Last Updated on February 4, 2020, by eNotes Editorial. Word Count: 874
Godfrey is thirty-five years old and a widower. His wife, Sandra, passed away, and Godfrey so relocated his family from Florida to New York City. As of the start of the play, he has recently begun to follow the teachings and advice of a minister named Father Divine who leads the Peace Mission Movement. Godfrey found Divine shortly after his wife’s death, and he was driven to religion because of his distraught state. When the minister sent his blessing in the mail, Godfrey felt that he had been cured of his pain. He decided to move to Brooklyn to be closer to Divine and closer to God, though he did not realize until they arrived that the Peace Mission is not located in Brooklyn. Godfrey wants his daughters to remain virtuous, virginal, and obedient. Godfrey does not trust himself to make good decisions or to keep track of important information. Rather than rely on himself to remember, he writes down all of his questions so that whenever he meets Father Divine, he can be sure to ask those questions. He seems to think that if he is obedient and does as Divine does or instructs that he will feel better and have more success in his life. He does not question the principles of the Peace Mission, nor does he really understand what religion is. He can be said to worship Father Divine more than he worships God. Religion is like a pacifier for him, a thing to soothe him as if he were an upset child. He is on the whole bewildered by life. Godfrey loves his daughters and wants to give them a better life than he had, but he does not trust himself to figure out how to go about achieving this goal.

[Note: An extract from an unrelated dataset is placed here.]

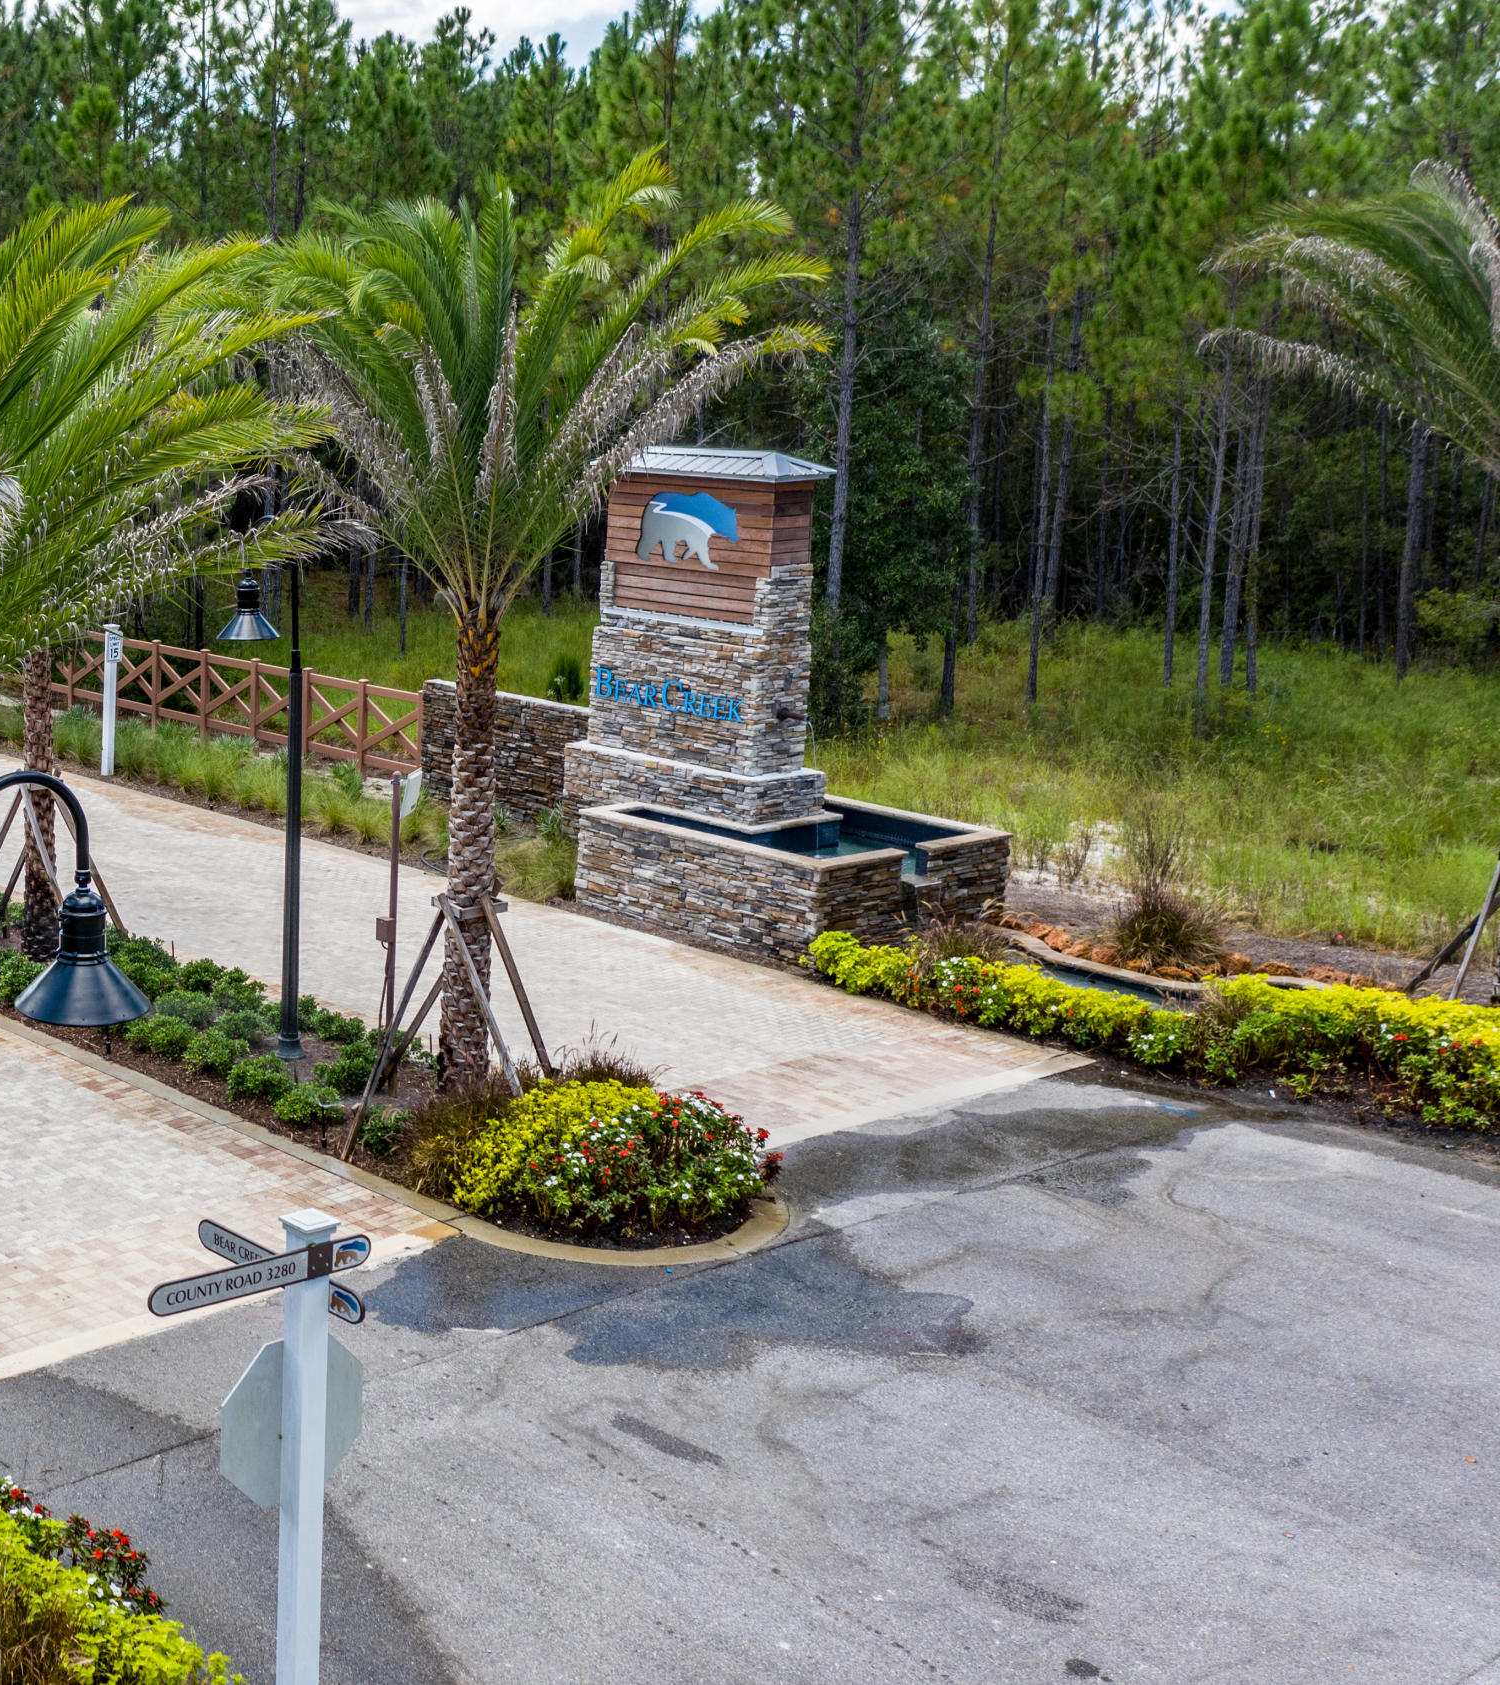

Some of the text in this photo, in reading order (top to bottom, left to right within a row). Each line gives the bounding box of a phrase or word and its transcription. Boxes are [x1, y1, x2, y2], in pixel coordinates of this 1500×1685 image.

[110, 647, 119, 659] 15
[213, 1233, 263, 1262] BEAR CREE
[166, 1262, 296, 1306] COUNTY ROAD 3280

Ernestine Crump is Godfrey’s older daughter. She is seventeen and as the play begins she is preparing to graduate from high school. She is smart and thoughtful. She resents the interference of Divine in her family life. She mostly obeys her father’s wishes, going with him to church dinners and wearing white dresses. She is very affected by the appearance of her maternal aunt, Lily, whom she calls “Sister,” because she is the first outspoken black woman Ernestine has met. Lily is a communist, a free thinker, opinionated, unmarried, and independent. Ernestine imbibes Lily’s politics, even writing an essay for school about the Labor Movement (an action that gets her father branded as a communist, something he finds upsetting). By the play’s end, she does not want to follow in her father’s footsteps by taking the job he got her at the bakery. Instead, she wants to follow her aunt, becoming a free thinker who works for social change. She finds herself at City College, and graduates a few years later. As an adult, Ernestine will protest the Vietnam War, fight for civil rights, start a family, and find happiness. Unlike her father, she makes her own decisions, and trusts herself in ways he could never trust himself. As a result, she is—and will be—more in charge of her own life.
Ermina Crump is Ernestine’s younger sister. She is fifteen. She dislikes Divine’s rules even more than Ernestine does. Ermina seems to adapt more to Brooklyn culture than Ernestine. Ermina listens to new music and goes out with boys,...
(The entire section contains 874 words.)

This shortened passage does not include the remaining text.